There’s a lot at stake for Tony Lip (Viggo Mortensen) as he turns up for a job interview at Carnegie Hall. A crooning charmer with 'an innate ability to handle trouble', his next gig offers more than his ego can stand at first. Dr Don Shirley (Mahershala Ali) is a renowned, solitary musician who needs a right-hand man for his upcoming tour. He needs a driver, but not just any driver – preparing for the inevitable hostility of the itinerary, Shirley’s chauffeur will need to provide security, understanding, organisation and, of course, friendship.
The titular red herring is the Negro Motorist Green Book, a travel guidebook offering tips on how to navigate racism on the road, surviving whites-only garages and service refusals across the country. Sitting safely on the dashboard, the book cinches the real-life weight the film tries to convey, offering a clear understanding of what’s at stake. The threat rears its head on several occasions, but this doesn’t force the film into despair, or rob the viewer of any feeling of eventual relief. The book often lies inanimate, within view but rarely jeopardising the good fun of a road trip.
Tony drives Don with a puffed-out sense of pride and unabashed hedonism. Mortensen fills a square, enlarged frame with a round belly and a face that glistens with the grease of fried chicken. He makes sense within a Farrelly Cinematic Universe of gross-out humour, which by definition celebrates topics that could be considered of poor taste, or overly vulgar. The actor capitalises on the charm in his body language, favouring caricatural Italian-American extravagance mixed with brash rudeness over any form of really subtle satire.
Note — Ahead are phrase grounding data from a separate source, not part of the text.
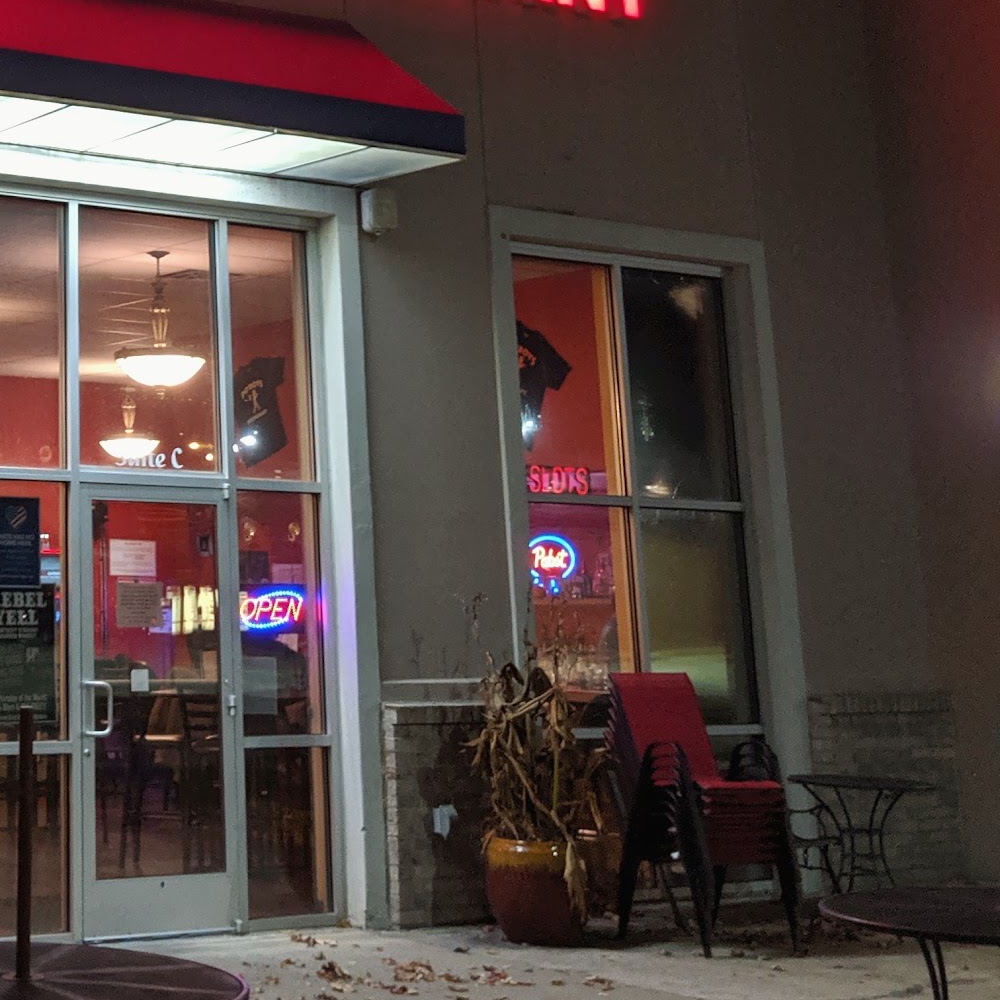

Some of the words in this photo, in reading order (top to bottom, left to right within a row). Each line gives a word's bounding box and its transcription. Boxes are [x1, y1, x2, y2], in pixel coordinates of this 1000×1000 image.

[170, 447, 183, 469] C
[529, 465, 589, 495] SLOTS
[240, 597, 303, 621] OPEN
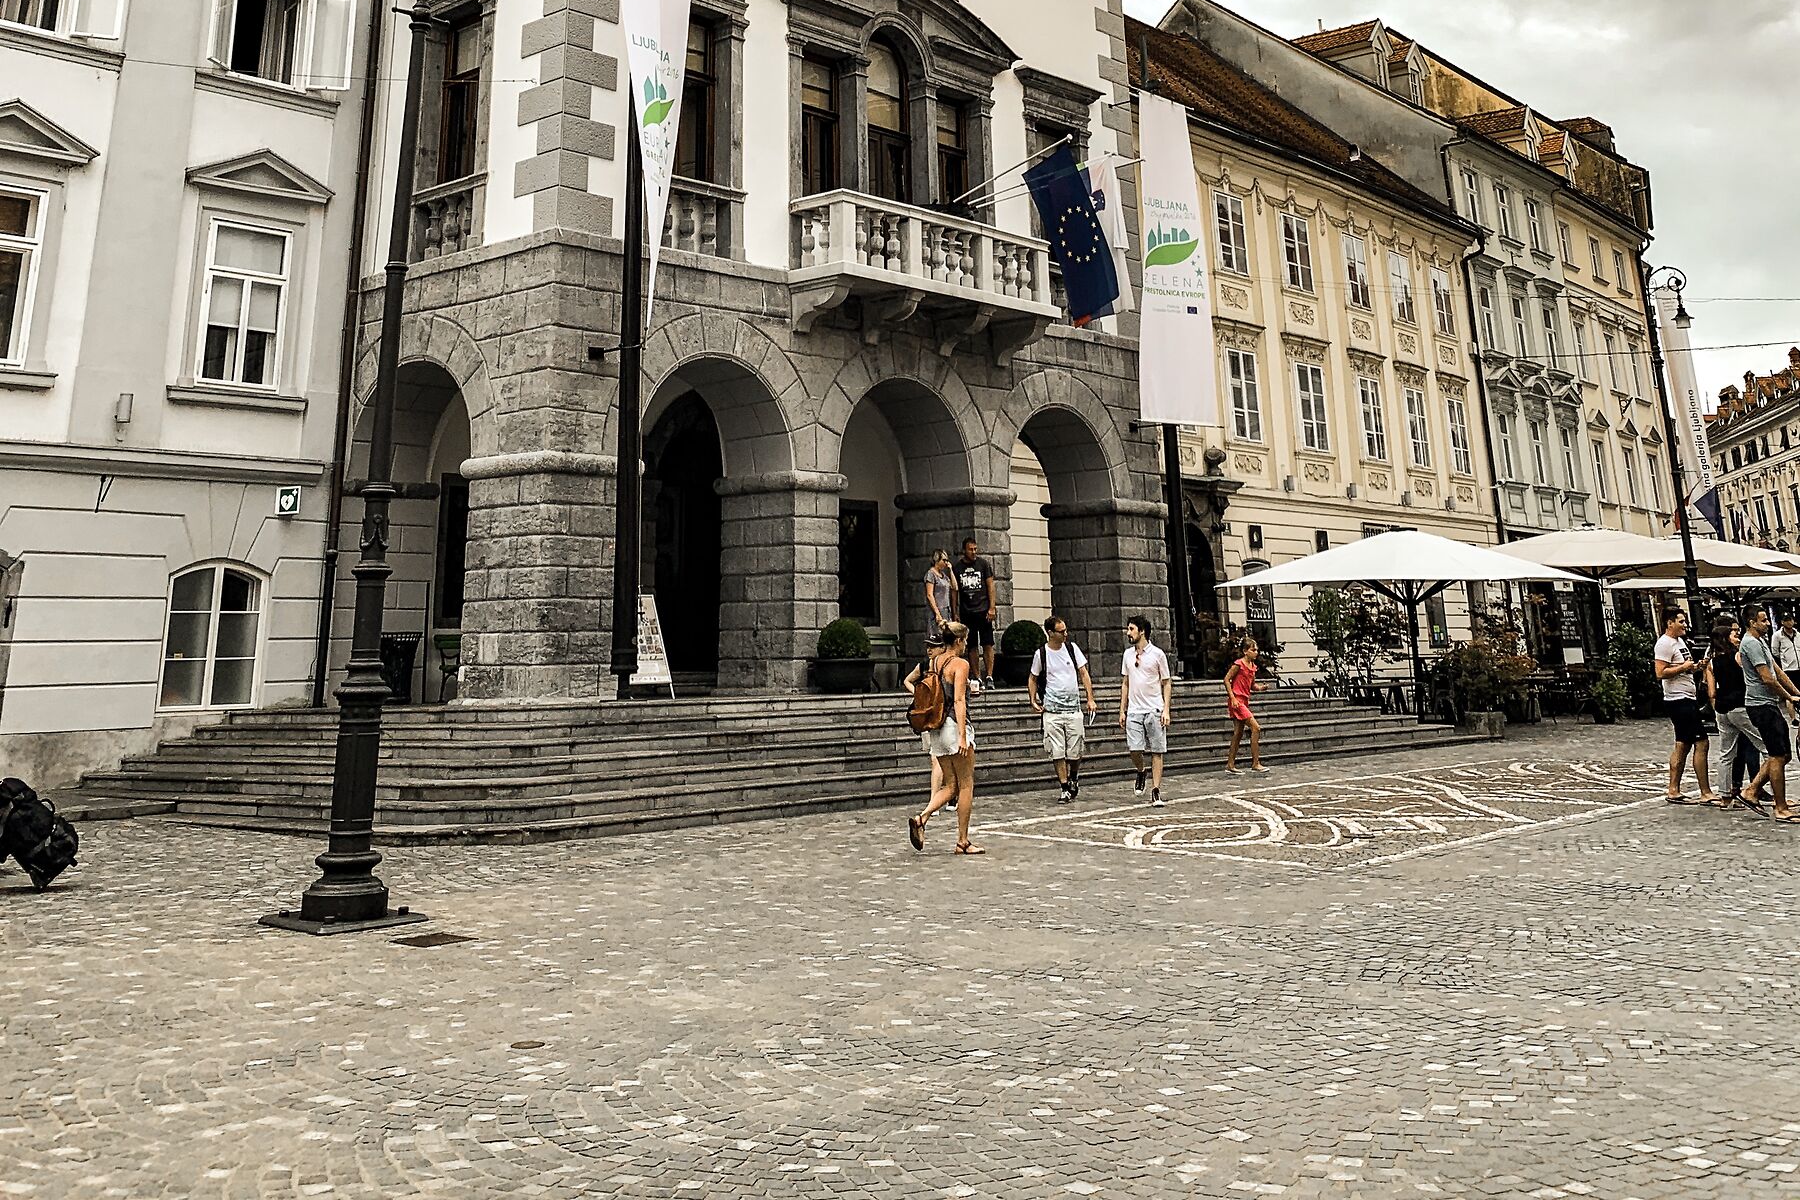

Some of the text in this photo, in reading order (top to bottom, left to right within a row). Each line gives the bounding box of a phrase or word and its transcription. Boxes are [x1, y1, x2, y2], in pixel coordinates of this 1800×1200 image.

[1144, 197, 1189, 212] LJUBLJANA
[1144, 272, 1204, 289] ZELENA
[1144, 286, 1206, 299] PRESTOLNICA EVROPE
[1688, 389, 1703, 432] Ljubljana
[1694, 435, 1710, 470] galerija
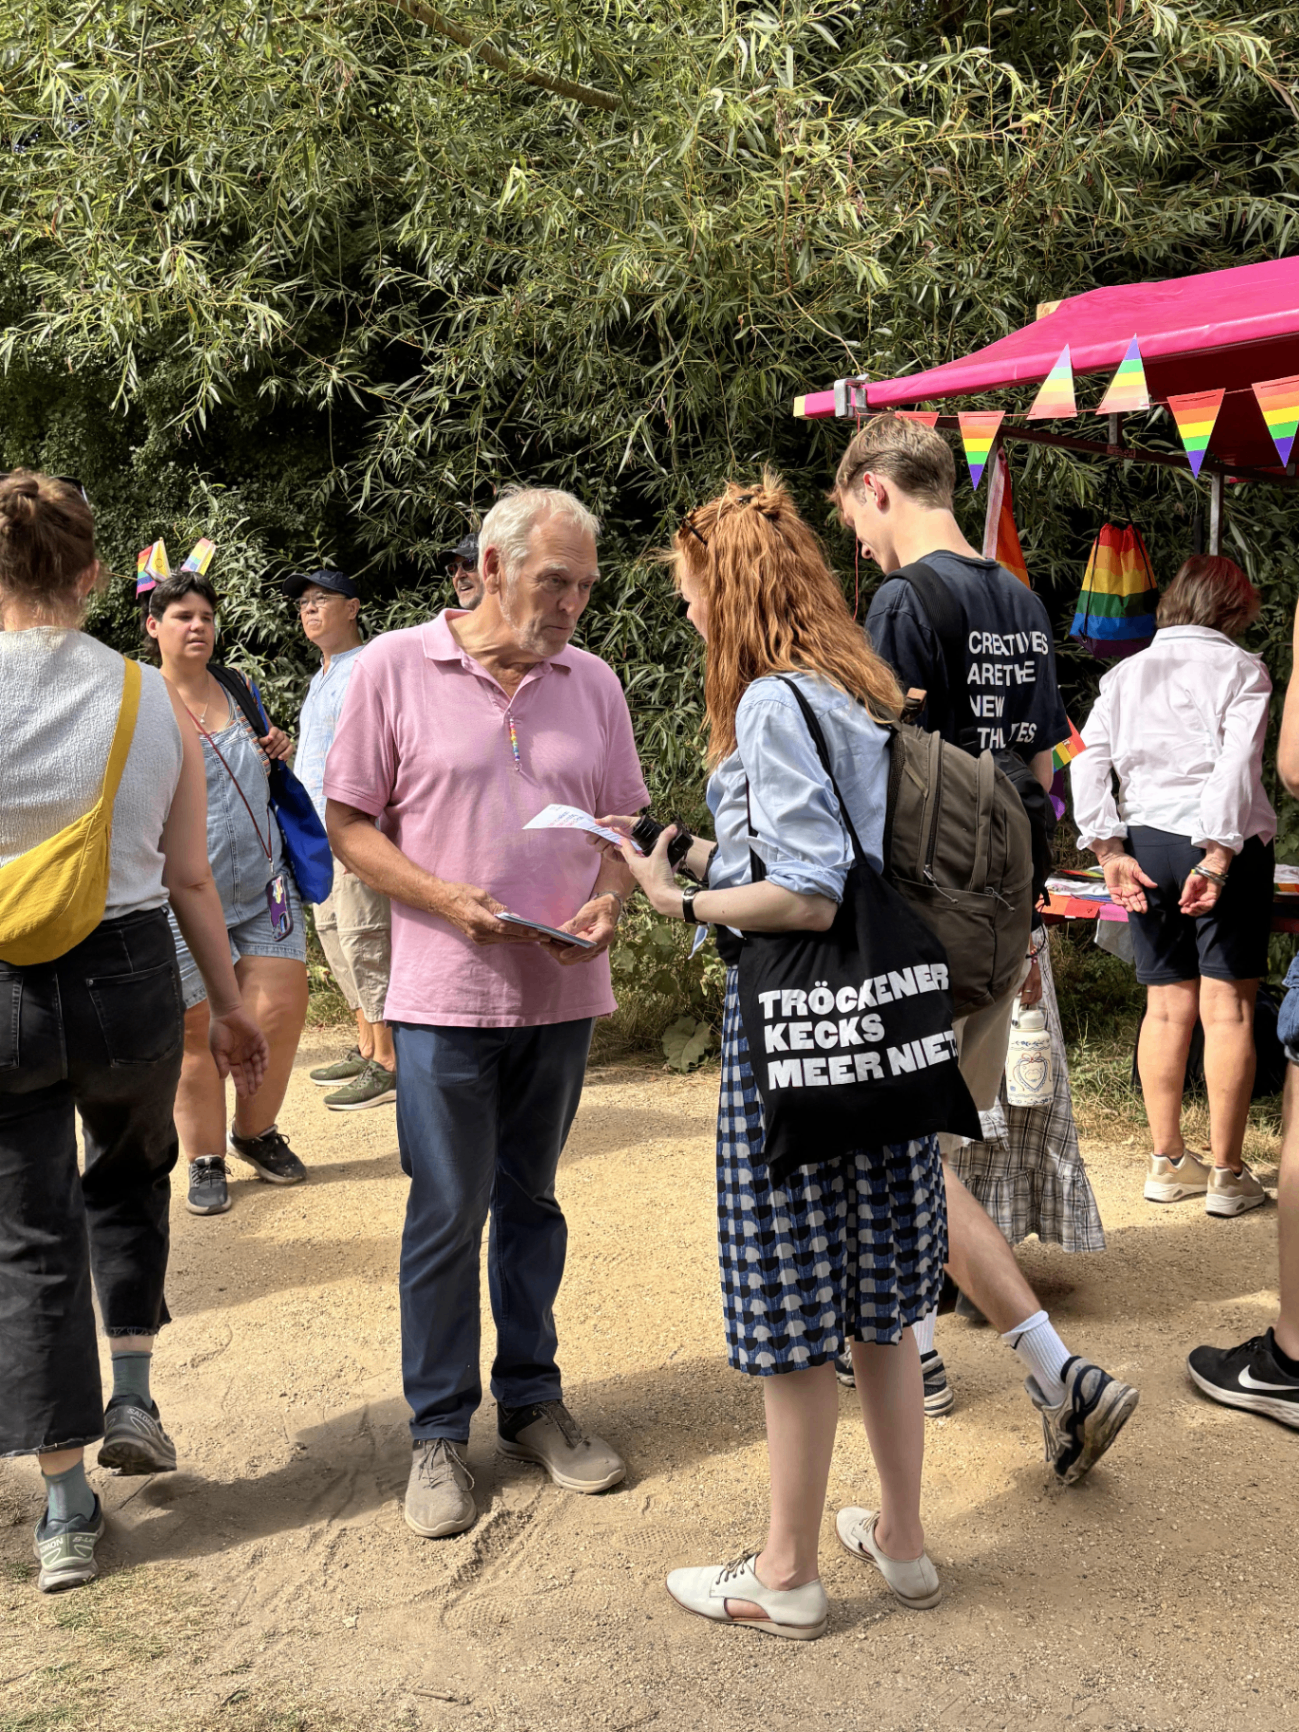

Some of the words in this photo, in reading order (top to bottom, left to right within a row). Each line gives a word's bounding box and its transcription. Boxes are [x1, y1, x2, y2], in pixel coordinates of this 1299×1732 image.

[968, 631, 1048, 656] CREATIVES
[967, 662, 1004, 685] ARE
[969, 695, 1005, 717] NEW
[758, 963, 949, 1019] TRÖCKENER
[764, 1013, 886, 1054] KECKS
[767, 1051, 885, 1091] MEER
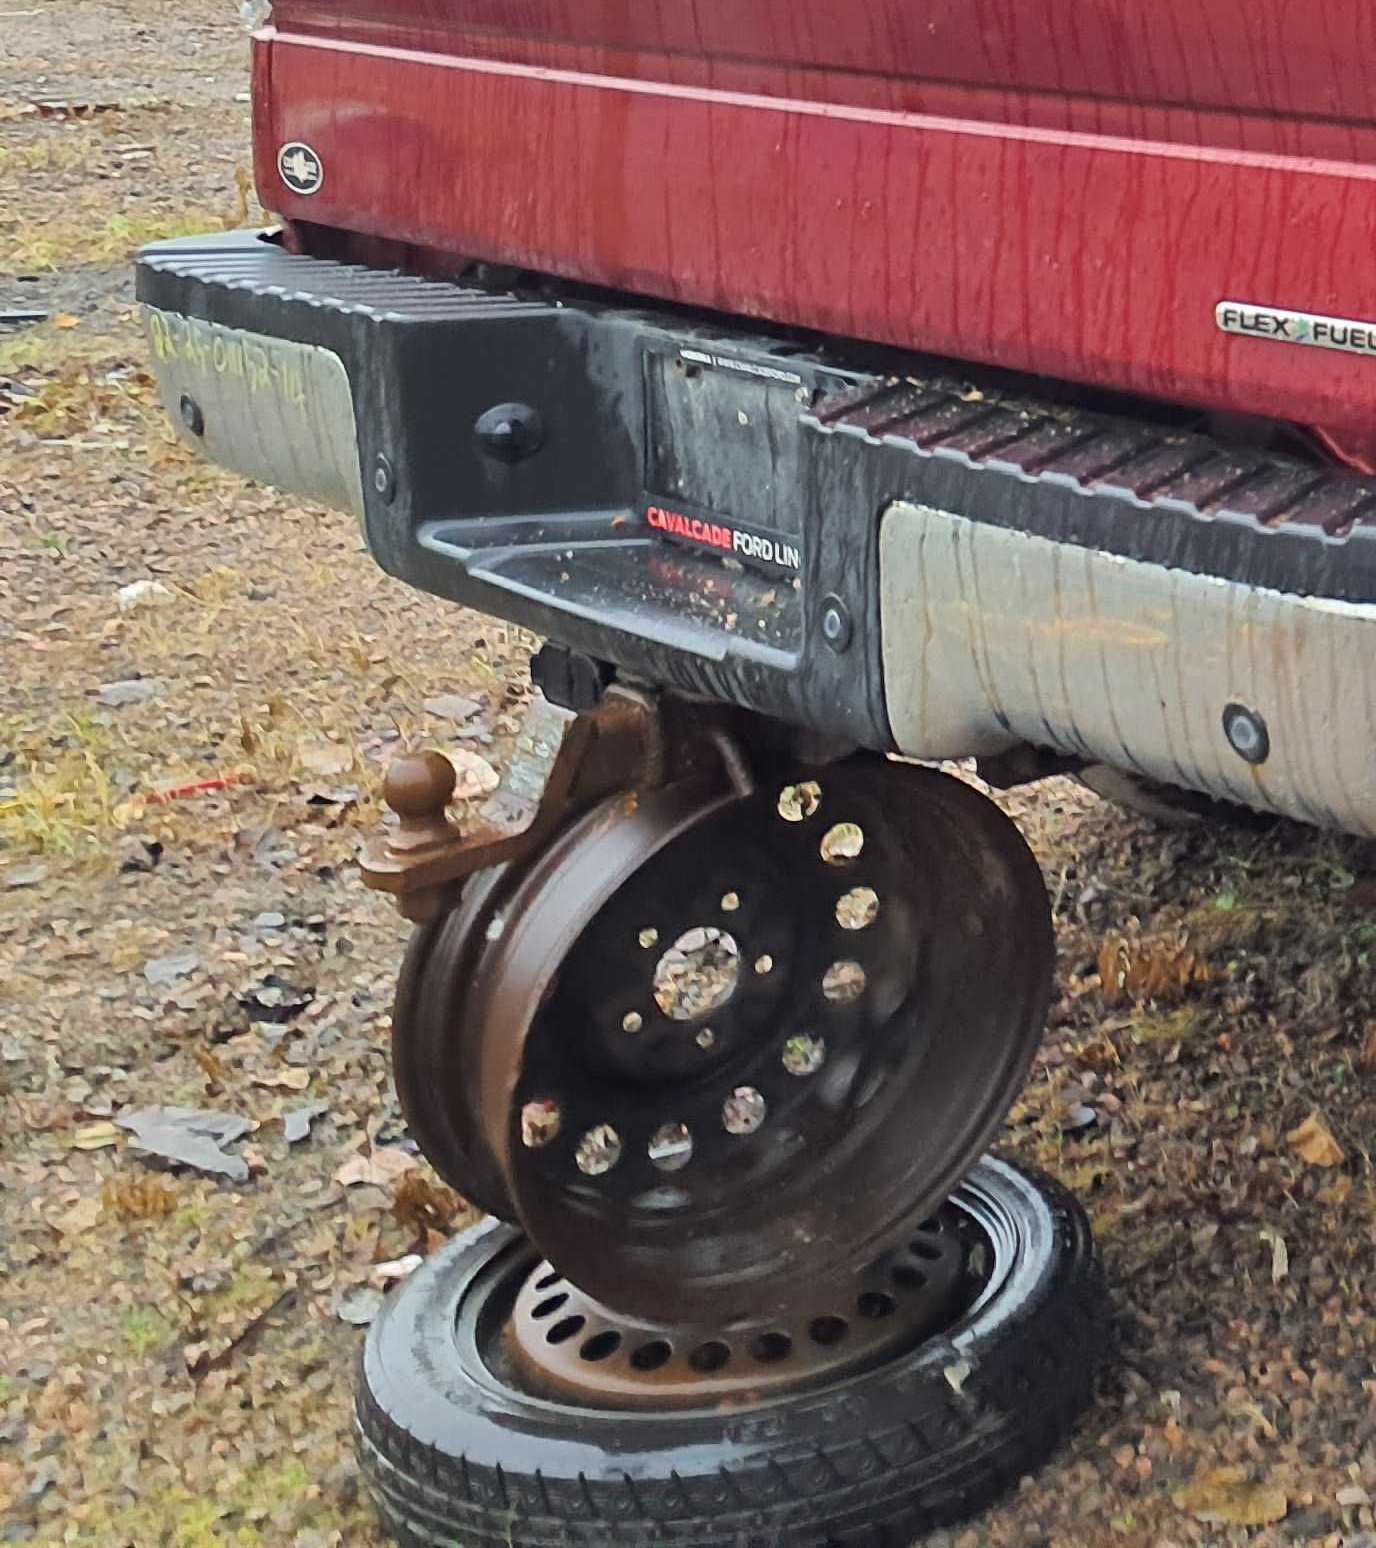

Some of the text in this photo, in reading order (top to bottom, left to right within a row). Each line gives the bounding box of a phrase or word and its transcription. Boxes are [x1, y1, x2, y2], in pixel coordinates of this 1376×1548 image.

[1222, 308, 1291, 337] FLEX
[647, 506, 732, 549] CAVALCADE
[732, 529, 774, 562] FORD
Complex insecurities define Don Shirley. He is judged by the colour of his skin, but also reckons with his sexuality and drinking issues in secret. The careful mannerisms that define his elegance also enhance his credibility as a performer and a man dealing with great pain. It’s surprising that the film remains so light, always lifting sorrow as soon as it seems to lose sight of the heartwarming happy ending.
Facts don’t lie, the world already loves Green Book. Taking home the People’s Choice Award in Toronto, Farrelly’s buddy trip seems set for a hopeful awards season. Enlightening a moment in history through the prism of an imperfect America and a likeable pair of pals who see friendship blindly, there’s enough to give food for thought without leaving an aftertaste of guilt for anyone who might seem concerned.
The film could potentially break dangerous ground in the wrong hands. Over worried whispers of a 'white saviour' narrative, Farrelly offers genuine care for a rare situation, focusing more on how to break a smile than disrupt the status quo. Simple comedy doesn’t hinder the story’s likeability, but it doesn’t allow a more powerful lesson to shine through either. Effective in its aim but hardly revolutionary in its concept, Green Book follows a guidebook with the best intentions, and reaches its destination just in time for dinner.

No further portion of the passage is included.